Abstract

We have isolated a 5.4-kilobase fragment of Bacillus subtilis DNA that confers the ability to replicate upon a nonreplicative plasmid. The B. subtilis 168 EcoRI fragment was ligated into the chimeric plasmid pCs540, which contains a chloramphenicol resistance determinant from the Staphylococcus aureus plasmid pC194 and an HpaII fragment from the Escherichia coli plasmid, pSC101. A recE B. subtilis derivative, strain BD224, is capable of maintaining this DNA as an autonomously replicating plasmid. In rec+ recipients, chloramphenicol-resistant transformants do not contain free plasmid.
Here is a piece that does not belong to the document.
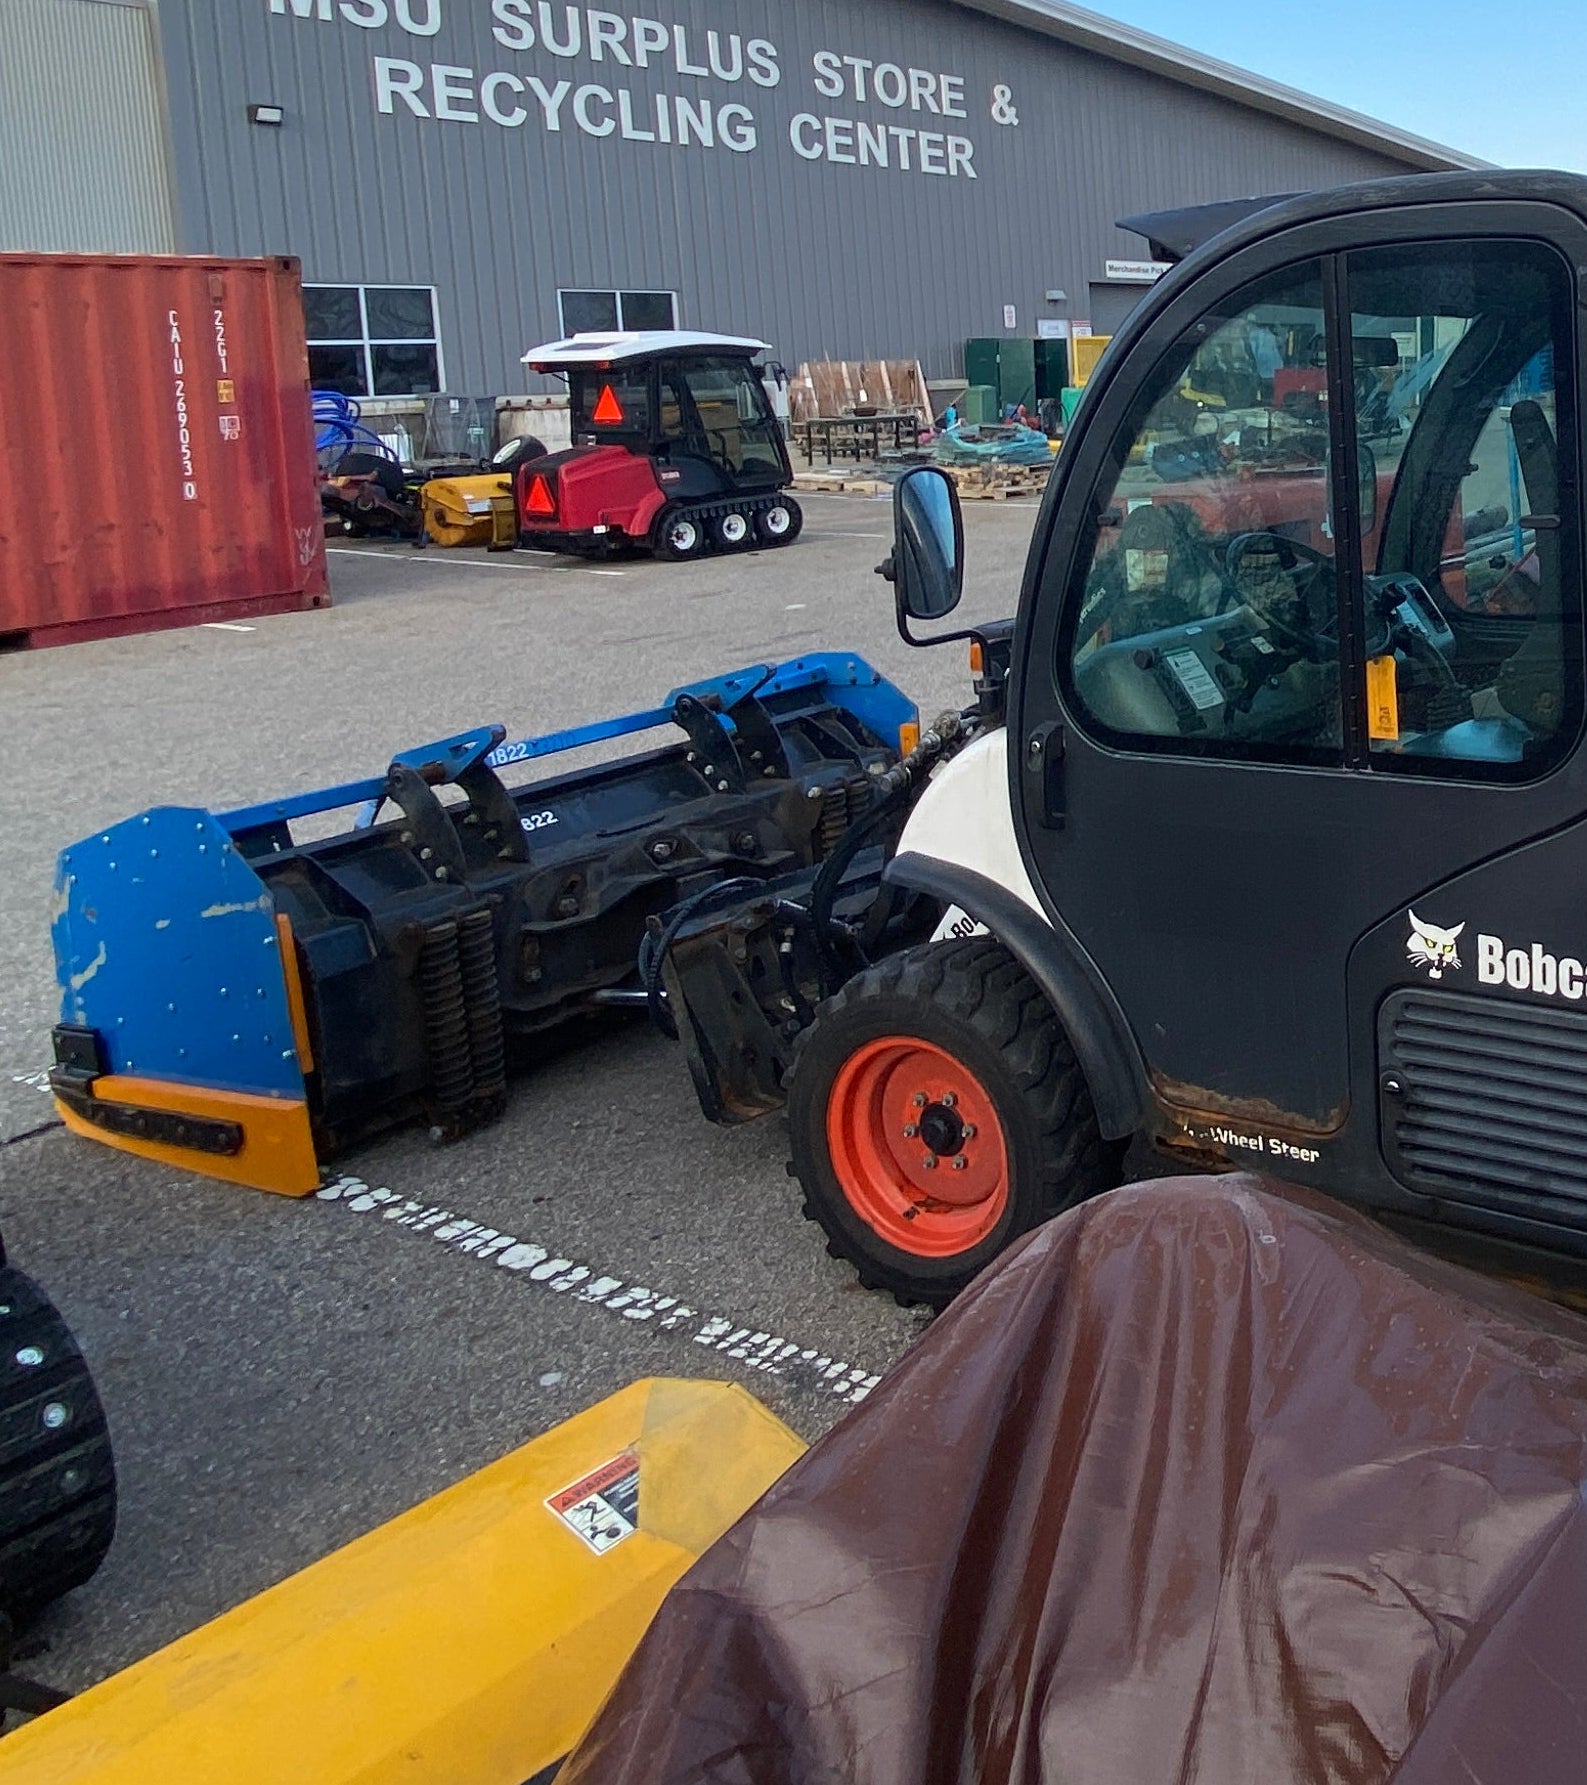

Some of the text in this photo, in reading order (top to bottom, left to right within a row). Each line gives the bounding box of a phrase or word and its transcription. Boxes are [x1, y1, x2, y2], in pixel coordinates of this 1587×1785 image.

The plasmid is integrated as demonstrated by alterations in the pattern of chromosomal restriction enzyme fragments to which the plasmid hybridizes. The site of plasmid integration was mapped by PBS1-mediated transduction to the metC-PBSX region. A strain was a deletion in the region of defective bacteriophage PBSX differs in the hybridization profile obtained by probing EcoRI digests with this cloned fragment. This same deletion mutant, though proficient in normal recombinational pathways, permits autonomous replication of the plasmid apparently owing to the lack of an homologous chromosomal region with which to recombine. We believe that, like E. coli. B. subtilis contains at least one DNA fragment capable of autonomous replication when liberated from its normally integrated chromosomal site and that this cloned DNA fragment comes from the region of defective bacteriophage PBSX.